- _WHAT NEEDS TO BE DONE_
Give back the entries below verbatim.

- _DATASET EXCERPTS_
%%

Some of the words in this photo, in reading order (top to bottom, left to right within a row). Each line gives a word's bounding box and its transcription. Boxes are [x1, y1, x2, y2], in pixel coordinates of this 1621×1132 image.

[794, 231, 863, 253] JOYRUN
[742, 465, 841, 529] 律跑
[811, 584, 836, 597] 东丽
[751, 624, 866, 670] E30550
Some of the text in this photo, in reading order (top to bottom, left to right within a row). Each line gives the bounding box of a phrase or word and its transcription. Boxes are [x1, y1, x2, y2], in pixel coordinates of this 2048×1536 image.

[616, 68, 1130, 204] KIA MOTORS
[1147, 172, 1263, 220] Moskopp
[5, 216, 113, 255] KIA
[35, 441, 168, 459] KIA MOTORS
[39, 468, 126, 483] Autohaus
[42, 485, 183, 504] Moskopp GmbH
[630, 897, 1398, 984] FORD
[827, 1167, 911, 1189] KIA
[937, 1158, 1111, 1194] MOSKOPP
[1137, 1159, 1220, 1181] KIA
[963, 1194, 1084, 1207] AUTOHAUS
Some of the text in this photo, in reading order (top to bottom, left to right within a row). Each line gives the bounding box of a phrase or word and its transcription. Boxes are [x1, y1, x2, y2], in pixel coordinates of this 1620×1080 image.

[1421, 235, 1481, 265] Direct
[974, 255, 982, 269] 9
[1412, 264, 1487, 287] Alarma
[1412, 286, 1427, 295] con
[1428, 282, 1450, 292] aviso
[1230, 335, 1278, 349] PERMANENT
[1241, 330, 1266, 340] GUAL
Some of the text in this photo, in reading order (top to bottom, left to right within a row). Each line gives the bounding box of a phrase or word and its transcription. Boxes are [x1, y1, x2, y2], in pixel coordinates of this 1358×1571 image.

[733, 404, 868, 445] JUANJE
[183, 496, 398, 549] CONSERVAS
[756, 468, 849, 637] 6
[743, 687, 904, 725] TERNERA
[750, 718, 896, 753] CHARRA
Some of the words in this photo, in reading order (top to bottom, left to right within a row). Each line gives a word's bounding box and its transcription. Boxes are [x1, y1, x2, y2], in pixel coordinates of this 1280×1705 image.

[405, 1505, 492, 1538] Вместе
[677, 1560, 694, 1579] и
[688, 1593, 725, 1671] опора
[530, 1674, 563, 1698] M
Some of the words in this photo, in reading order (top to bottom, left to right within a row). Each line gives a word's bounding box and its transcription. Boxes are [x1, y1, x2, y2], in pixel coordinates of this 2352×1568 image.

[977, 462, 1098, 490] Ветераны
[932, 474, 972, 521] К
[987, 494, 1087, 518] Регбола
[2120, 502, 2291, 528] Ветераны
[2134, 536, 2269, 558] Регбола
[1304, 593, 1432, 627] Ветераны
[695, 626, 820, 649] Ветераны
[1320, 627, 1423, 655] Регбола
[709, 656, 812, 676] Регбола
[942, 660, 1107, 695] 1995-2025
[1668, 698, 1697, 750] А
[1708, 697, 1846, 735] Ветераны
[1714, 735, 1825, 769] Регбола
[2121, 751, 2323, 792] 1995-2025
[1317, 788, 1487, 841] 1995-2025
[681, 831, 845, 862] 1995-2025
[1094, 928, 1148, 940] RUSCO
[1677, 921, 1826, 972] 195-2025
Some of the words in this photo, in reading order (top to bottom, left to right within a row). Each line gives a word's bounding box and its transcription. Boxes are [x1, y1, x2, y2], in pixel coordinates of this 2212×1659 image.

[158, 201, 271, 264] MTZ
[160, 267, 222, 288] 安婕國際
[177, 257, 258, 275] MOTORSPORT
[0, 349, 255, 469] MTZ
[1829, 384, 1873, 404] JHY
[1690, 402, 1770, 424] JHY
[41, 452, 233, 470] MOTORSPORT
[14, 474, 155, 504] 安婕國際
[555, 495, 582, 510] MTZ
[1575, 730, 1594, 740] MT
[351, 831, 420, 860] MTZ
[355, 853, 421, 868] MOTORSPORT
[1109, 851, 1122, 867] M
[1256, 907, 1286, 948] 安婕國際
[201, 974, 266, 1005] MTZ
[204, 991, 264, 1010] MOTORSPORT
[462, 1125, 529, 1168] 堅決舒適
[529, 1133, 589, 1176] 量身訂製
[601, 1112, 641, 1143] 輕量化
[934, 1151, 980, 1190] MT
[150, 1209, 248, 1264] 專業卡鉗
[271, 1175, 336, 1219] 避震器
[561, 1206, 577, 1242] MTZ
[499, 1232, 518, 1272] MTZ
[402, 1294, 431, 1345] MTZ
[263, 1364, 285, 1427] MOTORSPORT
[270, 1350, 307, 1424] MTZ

%%

- _THE COMPLETED TASK_
Some of the words in this photo, in reading order (top to bottom, left to right within a row). Each line gives a word's bounding box and its transcription. Boxes are [x1, y1, x2, y2], in pixel coordinates of this 1621×1132 image.

[794, 231, 863, 253] JOYRUN
[742, 465, 841, 529] 律跑
[811, 584, 836, 597] 东丽
[751, 624, 866, 670] E30550
Some of the text in this photo, in reading order (top to bottom, left to right within a row). Each line gives the bounding box of a phrase or word and its transcription. Boxes are [x1, y1, x2, y2], in pixel coordinates of this 2048×1536 image.

[616, 68, 1130, 204] KIA MOTORS
[1147, 172, 1263, 220] Moskopp
[5, 216, 113, 255] KIA
[35, 441, 168, 459] KIA MOTORS
[39, 468, 126, 483] Autohaus
[42, 485, 183, 504] Moskopp GmbH
[630, 897, 1398, 984] FORD
[827, 1167, 911, 1189] KIA
[937, 1158, 1111, 1194] MOSKOPP
[1137, 1159, 1220, 1181] KIA
[963, 1194, 1084, 1207] AUTOHAUS
Some of the text in this photo, in reading order (top to bottom, left to right within a row). Each line gives the bounding box of a phrase or word and its transcription. Boxes are [x1, y1, x2, y2], in pixel coordinates of this 1620×1080 image.

[1421, 235, 1481, 265] Direct
[974, 255, 982, 269] 9
[1412, 264, 1487, 287] Alarma
[1412, 286, 1427, 295] con
[1428, 282, 1450, 292] aviso
[1230, 335, 1278, 349] PERMANENT
[1241, 330, 1266, 340] GUAL
Some of the text in this photo, in reading order (top to bottom, left to right within a row). Each line gives the bounding box of a phrase or word and its transcription. Boxes are [x1, y1, x2, y2], in pixel coordinates of this 1358×1571 image.

[733, 404, 868, 445] JUANJE
[183, 496, 398, 549] CONSERVAS
[756, 468, 849, 637] 6
[743, 687, 904, 725] TERNERA
[750, 718, 896, 753] CHARRA
Some of the words in this photo, in reading order (top to bottom, left to right within a row). Each line gives a word's bounding box and its transcription. Boxes are [x1, y1, x2, y2], in pixel coordinates of this 1280×1705 image.

[405, 1505, 492, 1538] Вместе
[677, 1560, 694, 1579] и
[688, 1593, 725, 1671] опора
[530, 1674, 563, 1698] M
Some of the words in this photo, in reading order (top to bottom, left to right within a row). Each line gives a word's bounding box and its transcription. Boxes are [x1, y1, x2, y2], in pixel coordinates of this 2352×1568 image.

[977, 462, 1098, 490] Ветераны
[932, 474, 972, 521] К
[987, 494, 1087, 518] Регбола
[2120, 502, 2291, 528] Ветераны
[2134, 536, 2269, 558] Регбола
[1304, 593, 1432, 627] Ветераны
[695, 626, 820, 649] Ветераны
[1320, 627, 1423, 655] Регбола
[709, 656, 812, 676] Регбола
[942, 660, 1107, 695] 1995-2025
[1668, 698, 1697, 750] А
[1708, 697, 1846, 735] Ветераны
[1714, 735, 1825, 769] Регбола
[2121, 751, 2323, 792] 1995-2025
[1317, 788, 1487, 841] 1995-2025
[681, 831, 845, 862] 1995-2025
[1094, 928, 1148, 940] RUSCO
[1677, 921, 1826, 972] 195-2025
Some of the words in this photo, in reading order (top to bottom, left to right within a row). Each line gives a word's bounding box and its transcription. Boxes are [x1, y1, x2, y2], in pixel coordinates of this 2212×1659 image.

[158, 201, 271, 264] MTZ
[160, 267, 222, 288] 安婕國際
[177, 257, 258, 275] MOTORSPORT
[0, 349, 255, 469] MTZ
[1829, 384, 1873, 404] JHY
[1690, 402, 1770, 424] JHY
[41, 452, 233, 470] MOTORSPORT
[14, 474, 155, 504] 安婕國際
[555, 495, 582, 510] MTZ
[1575, 730, 1594, 740] MT
[351, 831, 420, 860] MTZ
[355, 853, 421, 868] MOTORSPORT
[1109, 851, 1122, 867] M
[1256, 907, 1286, 948] 安婕國際
[201, 974, 266, 1005] MTZ
[204, 991, 264, 1010] MOTORSPORT
[462, 1125, 529, 1168] 堅決舒適
[529, 1133, 589, 1176] 量身訂製
[601, 1112, 641, 1143] 輕量化
[934, 1151, 980, 1190] MT
[150, 1209, 248, 1264] 專業卡鉗
[271, 1175, 336, 1219] 避震器
[561, 1206, 577, 1242] MTZ
[499, 1232, 518, 1272] MTZ
[402, 1294, 431, 1345] MTZ
[263, 1364, 285, 1427] MOTORSPORT
[270, 1350, 307, 1424] MTZ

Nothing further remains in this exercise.